| Directions |
Since the data must remain as supplied, reproduce it word for word.

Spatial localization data

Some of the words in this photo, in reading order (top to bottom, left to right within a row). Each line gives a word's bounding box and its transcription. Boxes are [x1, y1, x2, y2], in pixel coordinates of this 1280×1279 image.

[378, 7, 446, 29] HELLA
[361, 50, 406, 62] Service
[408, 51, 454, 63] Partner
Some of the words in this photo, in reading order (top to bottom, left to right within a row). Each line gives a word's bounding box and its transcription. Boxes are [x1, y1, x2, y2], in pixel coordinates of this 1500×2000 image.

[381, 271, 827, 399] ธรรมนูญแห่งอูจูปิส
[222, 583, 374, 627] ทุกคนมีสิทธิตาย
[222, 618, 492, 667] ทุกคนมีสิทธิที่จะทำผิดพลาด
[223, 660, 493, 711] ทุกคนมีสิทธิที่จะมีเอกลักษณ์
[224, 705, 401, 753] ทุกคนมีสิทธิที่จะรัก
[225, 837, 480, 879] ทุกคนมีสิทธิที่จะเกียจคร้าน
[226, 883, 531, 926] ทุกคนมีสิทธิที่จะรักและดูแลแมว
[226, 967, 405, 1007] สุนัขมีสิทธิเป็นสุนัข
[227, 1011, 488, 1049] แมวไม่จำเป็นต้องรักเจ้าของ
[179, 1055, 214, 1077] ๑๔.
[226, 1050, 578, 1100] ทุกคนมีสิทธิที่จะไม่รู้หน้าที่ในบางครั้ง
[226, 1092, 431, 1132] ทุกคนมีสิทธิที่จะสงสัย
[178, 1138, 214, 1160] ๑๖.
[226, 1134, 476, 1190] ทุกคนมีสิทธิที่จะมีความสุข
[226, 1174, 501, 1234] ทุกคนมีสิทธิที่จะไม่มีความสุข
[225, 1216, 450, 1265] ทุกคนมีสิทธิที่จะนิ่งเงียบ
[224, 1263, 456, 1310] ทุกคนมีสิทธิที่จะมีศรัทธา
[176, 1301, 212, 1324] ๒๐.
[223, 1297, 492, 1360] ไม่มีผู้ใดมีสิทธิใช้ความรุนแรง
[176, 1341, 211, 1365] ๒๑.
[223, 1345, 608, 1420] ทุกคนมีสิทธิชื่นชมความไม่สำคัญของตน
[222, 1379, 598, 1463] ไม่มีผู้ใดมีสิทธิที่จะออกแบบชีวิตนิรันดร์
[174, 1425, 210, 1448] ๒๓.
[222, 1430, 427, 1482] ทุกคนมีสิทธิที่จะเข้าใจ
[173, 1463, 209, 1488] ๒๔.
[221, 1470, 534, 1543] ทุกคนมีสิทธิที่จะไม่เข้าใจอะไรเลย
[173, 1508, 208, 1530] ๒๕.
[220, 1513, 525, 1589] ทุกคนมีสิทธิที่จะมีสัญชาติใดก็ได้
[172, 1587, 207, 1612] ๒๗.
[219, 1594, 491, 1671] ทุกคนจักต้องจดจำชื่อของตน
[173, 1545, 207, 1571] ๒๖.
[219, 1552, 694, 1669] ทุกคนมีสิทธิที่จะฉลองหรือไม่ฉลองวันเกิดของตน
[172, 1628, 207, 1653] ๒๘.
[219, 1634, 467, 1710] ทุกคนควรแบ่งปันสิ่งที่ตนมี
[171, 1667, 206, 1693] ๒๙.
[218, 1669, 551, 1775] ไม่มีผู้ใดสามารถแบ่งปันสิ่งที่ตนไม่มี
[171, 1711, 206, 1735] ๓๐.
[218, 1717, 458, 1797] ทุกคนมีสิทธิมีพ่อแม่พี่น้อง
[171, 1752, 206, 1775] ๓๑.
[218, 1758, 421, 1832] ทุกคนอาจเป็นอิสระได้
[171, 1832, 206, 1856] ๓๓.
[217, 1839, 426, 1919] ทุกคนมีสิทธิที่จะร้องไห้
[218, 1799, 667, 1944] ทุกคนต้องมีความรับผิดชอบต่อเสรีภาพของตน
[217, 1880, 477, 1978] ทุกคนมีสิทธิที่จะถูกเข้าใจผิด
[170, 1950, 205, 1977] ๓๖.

| Answer space |
Some of the words in this photo, in reading order (top to bottom, left to right within a row). Each line gives a word's bounding box and its transcription. Boxes are [x1, y1, x2, y2], in pixel coordinates of this 1280×1279 image.

[378, 7, 446, 29] HELLA
[361, 50, 406, 62] Service
[408, 51, 454, 63] Partner
Some of the words in this photo, in reading order (top to bottom, left to right within a row). Each line gives a word's bounding box and its transcription. Boxes are [x1, y1, x2, y2], in pixel coordinates of this 1500×2000 image.

[381, 271, 827, 399] ธรรมนูญแห่งอูจูปิส
[222, 583, 374, 627] ทุกคนมีสิทธิตาย
[222, 618, 492, 667] ทุกคนมีสิทธิที่จะทำผิดพลาด
[223, 660, 493, 711] ทุกคนมีสิทธิที่จะมีเอกลักษณ์
[224, 705, 401, 753] ทุกคนมีสิทธิที่จะรัก
[225, 837, 480, 879] ทุกคนมีสิทธิที่จะเกียจคร้าน
[226, 883, 531, 926] ทุกคนมีสิทธิที่จะรักและดูแลแมว
[226, 967, 405, 1007] สุนัขมีสิทธิเป็นสุนัข
[227, 1011, 488, 1049] แมวไม่จำเป็นต้องรักเจ้าของ
[179, 1055, 214, 1077] ๑๔.
[226, 1050, 578, 1100] ทุกคนมีสิทธิที่จะไม่รู้หน้าที่ในบางครั้ง
[226, 1092, 431, 1132] ทุกคนมีสิทธิที่จะสงสัย
[178, 1138, 214, 1160] ๑๖.
[226, 1134, 476, 1190] ทุกคนมีสิทธิที่จะมีความสุข
[226, 1174, 501, 1234] ทุกคนมีสิทธิที่จะไม่มีความสุข
[225, 1216, 450, 1265] ทุกคนมีสิทธิที่จะนิ่งเงียบ
[224, 1263, 456, 1310] ทุกคนมีสิทธิที่จะมีศรัทธา
[176, 1301, 212, 1324] ๒๐.
[223, 1297, 492, 1360] ไม่มีผู้ใดมีสิทธิใช้ความรุนแรง
[176, 1341, 211, 1365] ๒๑.
[223, 1345, 608, 1420] ทุกคนมีสิทธิชื่นชมความไม่สำคัญของตน
[222, 1379, 598, 1463] ไม่มีผู้ใดมีสิทธิที่จะออกแบบชีวิตนิรันดร์
[174, 1425, 210, 1448] ๒๓.
[222, 1430, 427, 1482] ทุกคนมีสิทธิที่จะเข้าใจ
[173, 1463, 209, 1488] ๒๔.
[221, 1470, 534, 1543] ทุกคนมีสิทธิที่จะไม่เข้าใจอะไรเลย
[173, 1508, 208, 1530] ๒๕.
[220, 1513, 525, 1589] ทุกคนมีสิทธิที่จะมีสัญชาติใดก็ได้
[172, 1587, 207, 1612] ๒๗.
[219, 1594, 491, 1671] ทุกคนจักต้องจดจำชื่อของตน
[173, 1545, 207, 1571] ๒๖.
[219, 1552, 694, 1669] ทุกคนมีสิทธิที่จะฉลองหรือไม่ฉลองวันเกิดของตน
[172, 1628, 207, 1653] ๒๘.
[219, 1634, 467, 1710] ทุกคนควรแบ่งปันสิ่งที่ตนมี
[171, 1667, 206, 1693] ๒๙.
[218, 1669, 551, 1775] ไม่มีผู้ใดสามารถแบ่งปันสิ่งที่ตนไม่มี
[171, 1711, 206, 1735] ๓๐.
[218, 1717, 458, 1797] ทุกคนมีสิทธิมีพ่อแม่พี่น้อง
[171, 1752, 206, 1775] ๓๑.
[218, 1758, 421, 1832] ทุกคนอาจเป็นอิสระได้
[171, 1832, 206, 1856] ๓๓.
[217, 1839, 426, 1919] ทุกคนมีสิทธิที่จะร้องไห้
[218, 1799, 667, 1944] ทุกคนต้องมีความรับผิดชอบต่อเสรีภาพของตน
[217, 1880, 477, 1978] ทุกคนมีสิทธิที่จะถูกเข้าใจผิด
[170, 1950, 205, 1977] ๓๖.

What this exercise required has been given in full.